In March 2013, about 3.2 hectares of "Hamamatsucho 2-chome 4 district" on the west side of Hamamatsucho station was declared by a city planning decision as a special urban regeneration district . [10] In response, the construction of five new buildings is planned, including the reconstruction of the entire area. The demolition of a 152-meter skyscraper is the largest ever.

In 2014, the World Trade Center Building was purchased by the Nippon Life Insurance Company, which plans to demolish the building to allow for the construction of a new office building on the site.

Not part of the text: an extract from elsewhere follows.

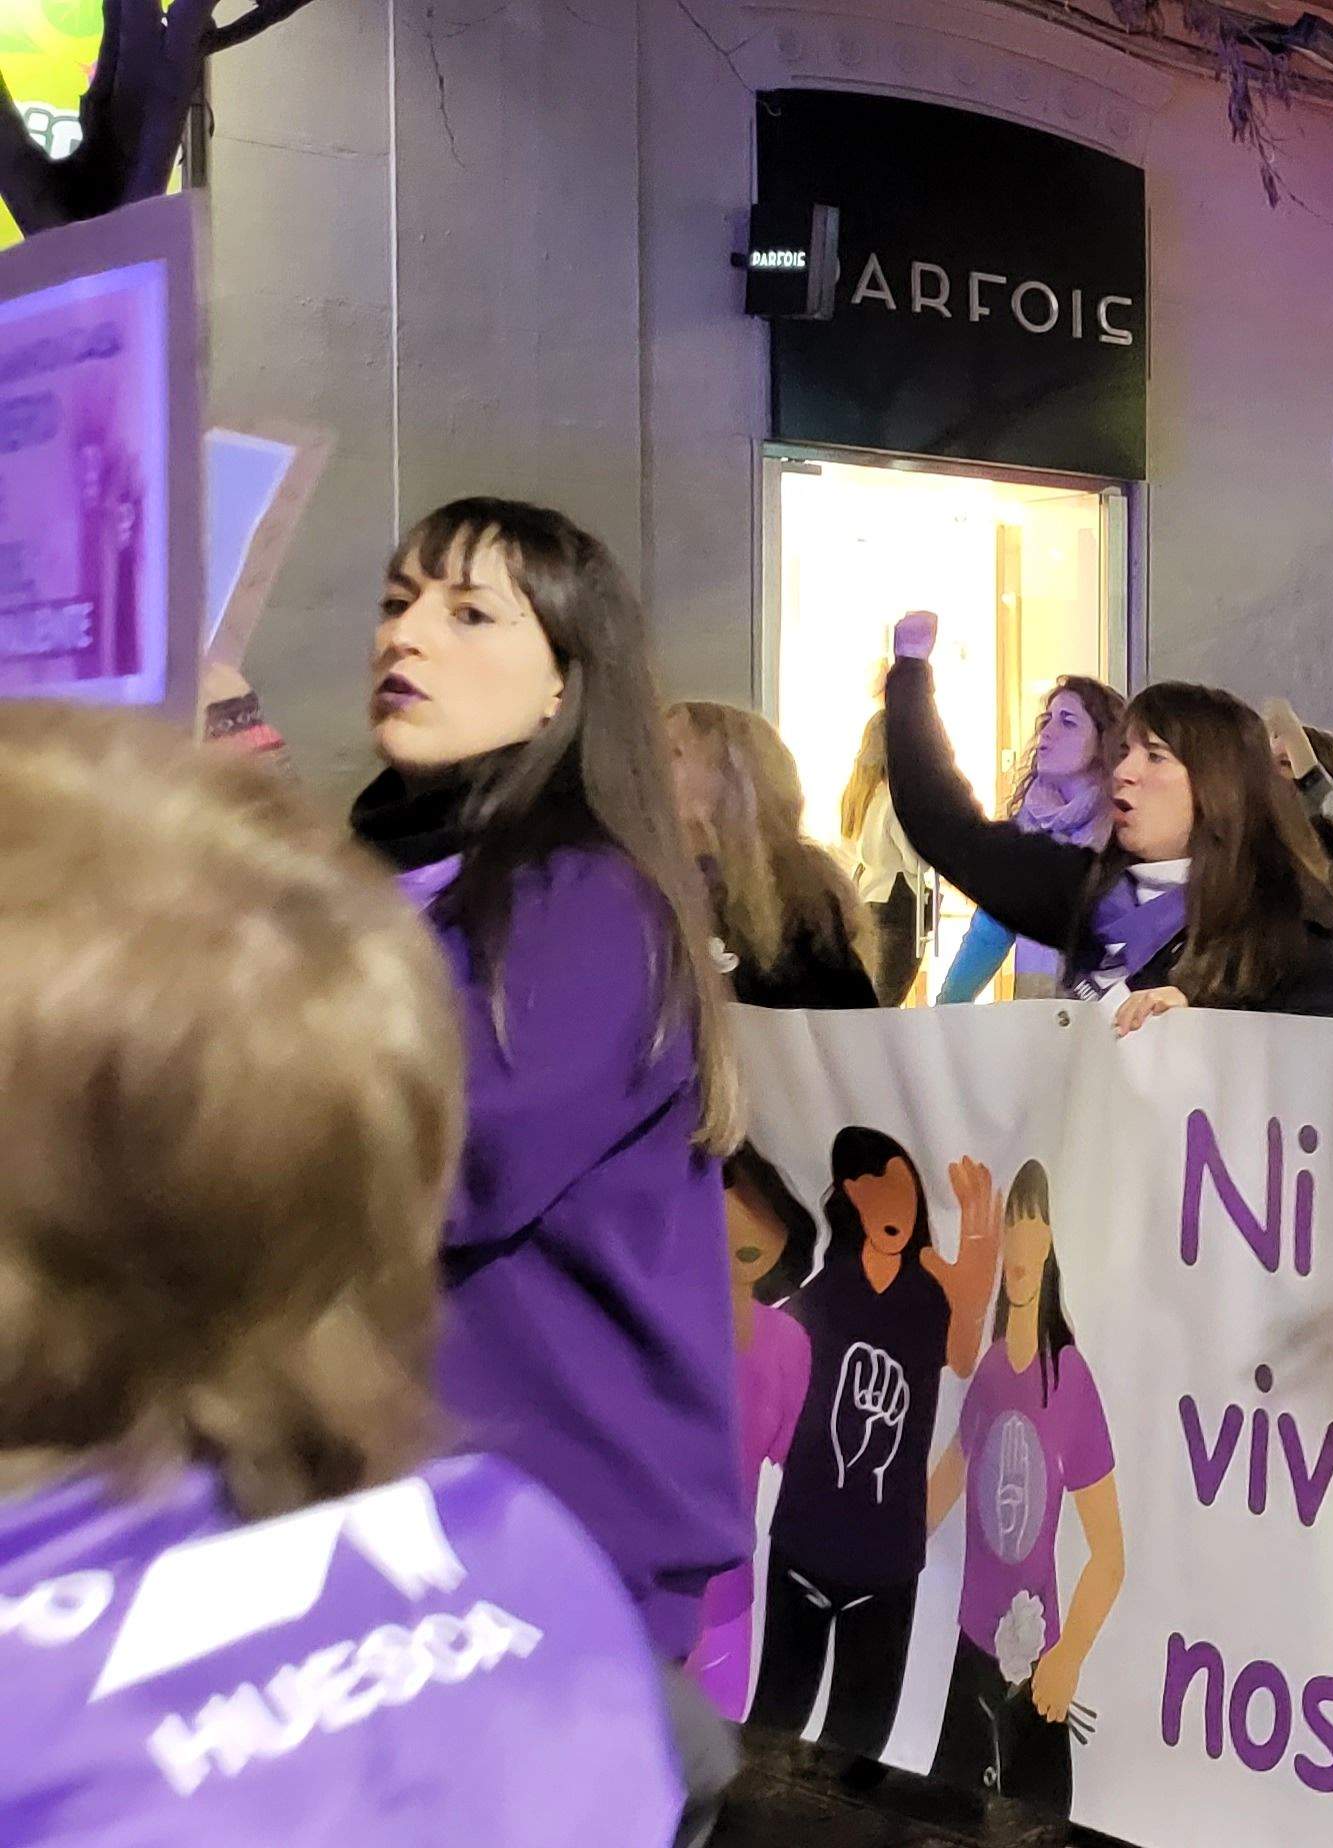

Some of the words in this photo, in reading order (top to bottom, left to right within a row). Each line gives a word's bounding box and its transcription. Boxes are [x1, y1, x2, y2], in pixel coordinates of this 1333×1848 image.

Development was started separately for District A, District B, and District C. In District A, the South Building of the World Trade Center Building (3 floors below ground, 39 floors above ground) was completed in March 2021. The main building and bus terminal of the same building are scheduled to be completed in March 2017, a new Tokyo Monorail Hamamatsucho Station in May 2027. The B Street District Nippon Life Hamamatsucho Claire Tower (3 floors above the 29th floor underground) was completed in August 2018. A complex promoted by the Redevelopment Association (2 floors below ground, 46 floors above ground) is scheduled to be completed in December 2026 and will be constructed in District C. This building would later be called the World Trade Center North.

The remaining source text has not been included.